The Maple Inn, popularly known in the Chicago area as the Stockade, was the largest brothel run by the Torrio-Capone syndicate in the 1920s. But flesh peddling was not the Stockade's claim to fame. Rather, the whorehouse was one of the very few 20th-century Mafia operations ever to be the target of vigilante action.
It was Capone's technique to take over communities just beyond the Chicago city line and engage in excesses far beyond those carried out within the city itself. The suburban village of Forest View soon came to be referred to by Chicagoans as "Caponeville."
Booze wars, murder, gambling dens, physical intimidation of public officials and above all prostitution greatly upset the decent citizens of Forest View. Law enforcement officials remained doggedly unable or unwilling to meet this gangster invasion and rape of what had previously been a quiet community.
The symbol of the Capone blight on Forest View was the Stockade, an immense old stone-and-wood structure that housed gaming rooms and a bar, as well as a 60-girl whorehouse. However, the Stockade was more than just that. It was a hideout for wanted Capone gangsters and an arsenal with secret chambers hidden behind false walls, floors and ceilings.
Within this labyrinth was an extra-large chamber to which the whores could retreat in case of a raid. For the gangster on the run, there was a particularly lavish room beneath the eaves soundproofed with cork lining. The fugitive in residence enjoyed a most comfortable living area with deep pile rugs, comfortable couches and easy chairs.
There was also a speaking tube to place orders for food and drink which was conveyed to the hideaway by dumbwaiter.

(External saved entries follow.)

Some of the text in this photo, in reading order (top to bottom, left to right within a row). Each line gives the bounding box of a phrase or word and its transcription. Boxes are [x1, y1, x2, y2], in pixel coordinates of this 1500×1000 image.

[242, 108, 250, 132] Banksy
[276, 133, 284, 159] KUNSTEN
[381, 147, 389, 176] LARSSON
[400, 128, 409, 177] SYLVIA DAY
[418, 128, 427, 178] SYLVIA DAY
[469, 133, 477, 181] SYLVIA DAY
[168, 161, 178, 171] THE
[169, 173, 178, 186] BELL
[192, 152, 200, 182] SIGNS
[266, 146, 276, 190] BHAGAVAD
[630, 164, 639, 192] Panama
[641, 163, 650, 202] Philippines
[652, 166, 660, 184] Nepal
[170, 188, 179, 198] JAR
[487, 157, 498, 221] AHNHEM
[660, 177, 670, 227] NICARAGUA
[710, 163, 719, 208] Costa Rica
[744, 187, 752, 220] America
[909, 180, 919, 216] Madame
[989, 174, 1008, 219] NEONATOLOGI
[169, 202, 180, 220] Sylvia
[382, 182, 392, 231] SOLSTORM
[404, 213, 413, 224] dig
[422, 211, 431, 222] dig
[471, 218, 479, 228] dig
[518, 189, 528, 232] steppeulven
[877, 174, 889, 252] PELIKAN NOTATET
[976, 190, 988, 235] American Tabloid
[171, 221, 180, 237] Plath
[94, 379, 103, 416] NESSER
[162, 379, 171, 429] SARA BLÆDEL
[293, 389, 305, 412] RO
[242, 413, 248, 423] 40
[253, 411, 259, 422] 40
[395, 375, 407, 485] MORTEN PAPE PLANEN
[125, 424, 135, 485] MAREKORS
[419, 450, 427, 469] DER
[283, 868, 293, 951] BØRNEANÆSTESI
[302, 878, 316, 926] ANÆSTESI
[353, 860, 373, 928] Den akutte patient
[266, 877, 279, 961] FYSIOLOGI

The puncture eyes of female figures painted on the ceiling gave the secreted criminal an overview of the rooms below, including the saloon and gambling hall. The secret compartment contained a number of steel-lined panels built into the walls in which were stored dynamite, grenades, shotguns, rifles, automatic pistols, machine guns and ammunition.
The residents of Forest View felt helpless against this Capone invasion stronghold—until 1926, when State's Attorney Robert E. Crowe, taking considerable heat at the time for a scandal involving his aides cooperating with gangsters, ordered an attack on Capone's suburban empire.
Among the joints hit was the Stockade, and axe-wielding raiders smashed slot machines, crap tables, roulette wheels, beer barrels and cases of whiskey, and hauled away the prostitutes as well as the ledgers and a safe jammed with cash receipts.
Capone accepted this for what it was meant to be—a short-lived inconvenience—and he planned to keep the resort closed for a short period before a gala reopening. Since there appeared to be little to protect, the mob kept only a skeleton crew of guard over the Stockade.
The following night Forest View vigilantes struck, attacking in a convoy of automobiles. The Stockade was set ablaze in a half-dozen places. Frantic Caponeites sounded fire alarms and several nearby fire brigades arrived. However, they made no effort to stop the fire, only seeking to prevent its spreading to neighboring homes.
"Why don't you do something?" an irate gangster demanded of a firefighter.
"Can't spare the water," was the laconic reply.
Ironically, the Capone forces were angered by such a departure from the standards of law and order and demanded an investigation.
"Investigate?" Chicago deputy chief John Stege, a determined Capone enemy, said. "I should say not. No doubt the flames were started by some good people of the community." And the Reverend William H. Tuttle said, "I appreciate the wonderful news. I am sure no decent person will be sorry."
Faced with such citizen opposition, the Capones backed down. Indeed, over the next few years Capone began backing away from blatant prostitution activities, especially in stiff-necked suburban areas, because of the hostility it aroused and the vigilante passions it nurtured. It was a learning experience for organized crime.